Mesa’s NVK Open-Source Vulkan Driver for NVIDIA Hardware Is Now Stable

The open-source Vulkan driver, which is now Vulkan 1.3 conformant, will be part of the upcoming Mesa 24.1 graphics stack series.
NVK

Collabora informs 9to5Linux.com today that their NVK open-source Vulkan graphics driver for NVIDIA hardware in the Mesa graphics stack is no longer experimental and it’s now stable and ready for prime time.

Collabora’s Faith Ekstrand writes in a blog post that a new merge request that landed earlier today in the Mesa graphics stack and which removes the non-conformant implementation warnings for NVK and changes the Meson configuration option from nouveau-experimental to nouveau, makes the open-source driver stable.

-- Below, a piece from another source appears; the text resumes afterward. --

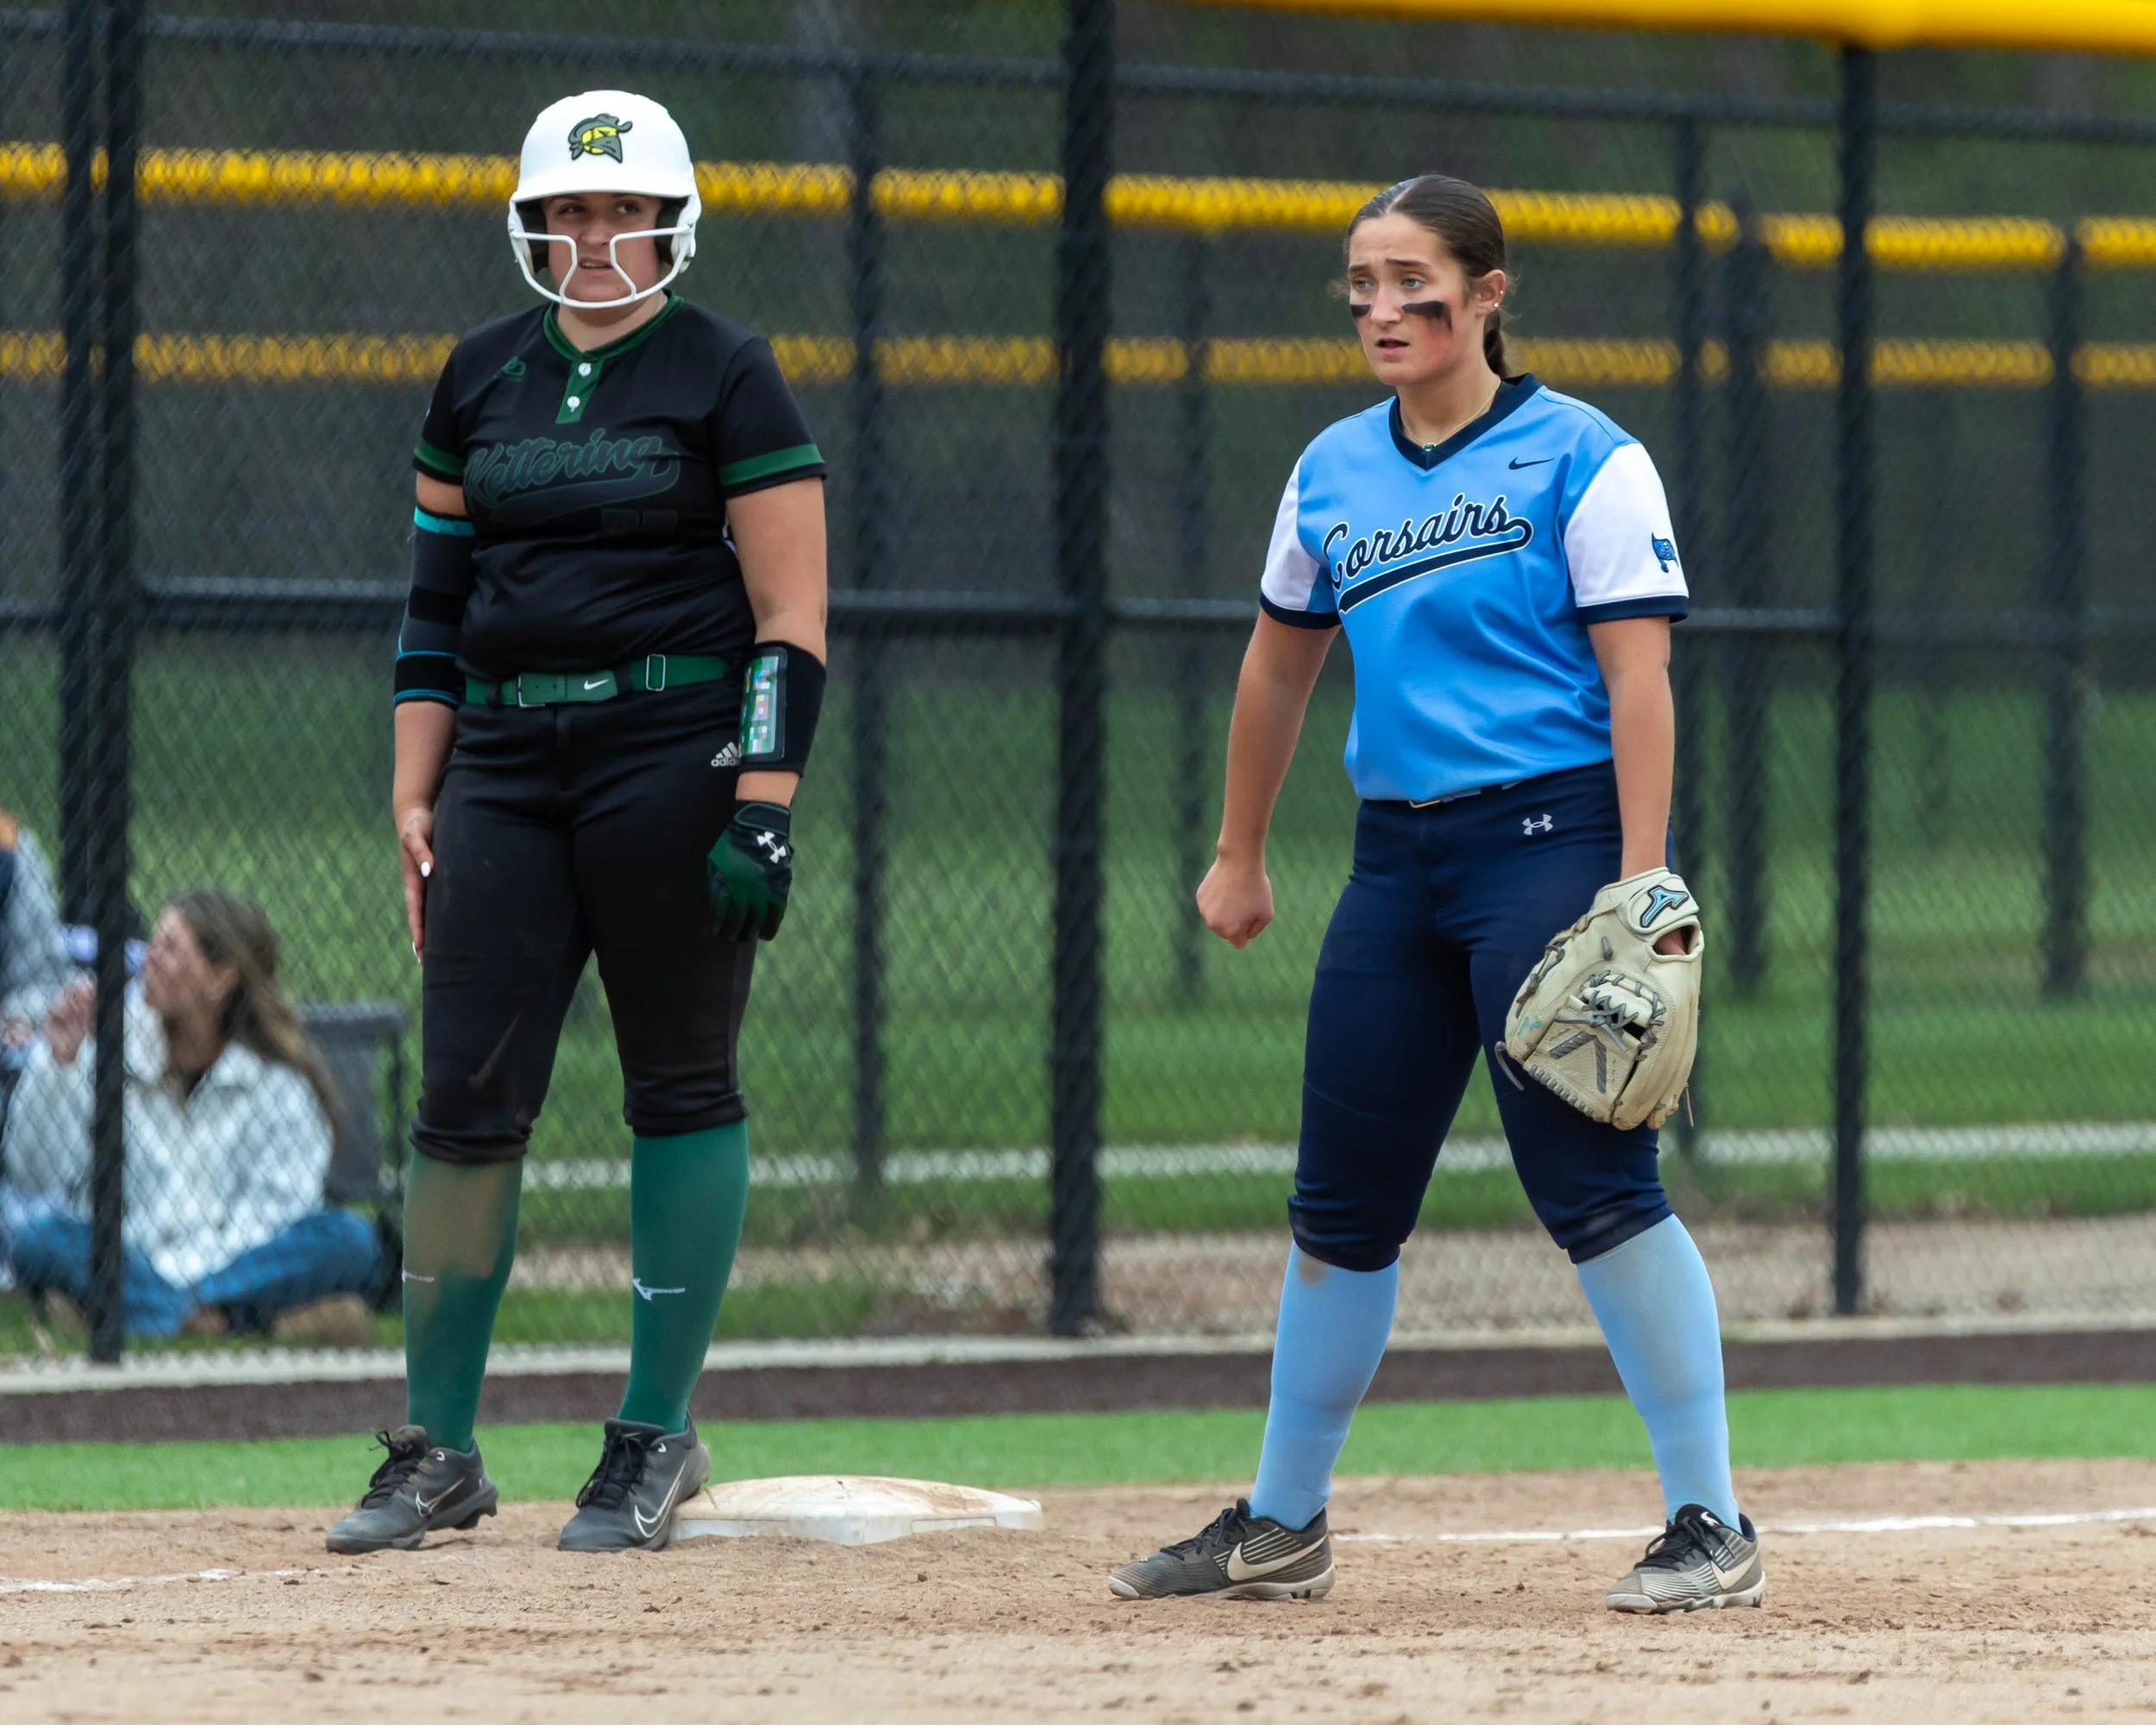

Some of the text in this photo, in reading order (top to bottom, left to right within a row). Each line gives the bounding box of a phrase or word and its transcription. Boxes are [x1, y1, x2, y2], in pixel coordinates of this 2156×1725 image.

NVK was first announced in October 2022 as a drop-in replacement for the open-source Nouveau driver for NVIDIA graphics cards. Since then, Collabora has been working hard to make it ready for prime time, and the wait is now over as NVK will be shipped as a stable driver with the upcoming Mesa 24.1 graphics stack.

The recently released Mesa 24.0 graphics stack already ships with the NVK driver, but in an experimental state. Unfortunately, not all Linux distros adopted the Mesa 24 graphics stack at the moment of writing and Mesa 24.1 is expected to be released in the coming months, so most of us will have to wait a little longer to enjoy NVK.

Also today, Collabora announced that NVK is now a Vulkan 1.3 conformant on Turing (NVIDIA RTX 2000 and NVIDIA GTX 1600 series), Ampere (NVIDIA RTX 3000 series), and Ada (NVIDIA RTX 4000 series) GPUs.

“Not only have we jumped forward three Vulkan versions, but the new test runs were done with the GSP firmware enabled and includes Ampere and Ada GPUs. Also, unlike the initial 1.0 run, there are no hacks this time. Every test we passed in those conformance test runs also passes on upstream Mesa,” said Faith Ekstrand.

Performance-wise, Collabora says that while many video games are running at 60 FPS or better on recent NVIDIA GPUs, they’re still working on improving the performance of the Vulkan driver, which will be done regularly with new Mesa graphics stack releases from now on, so make sure that you keep your Linux PCs up to date at all times for a better gaming experience.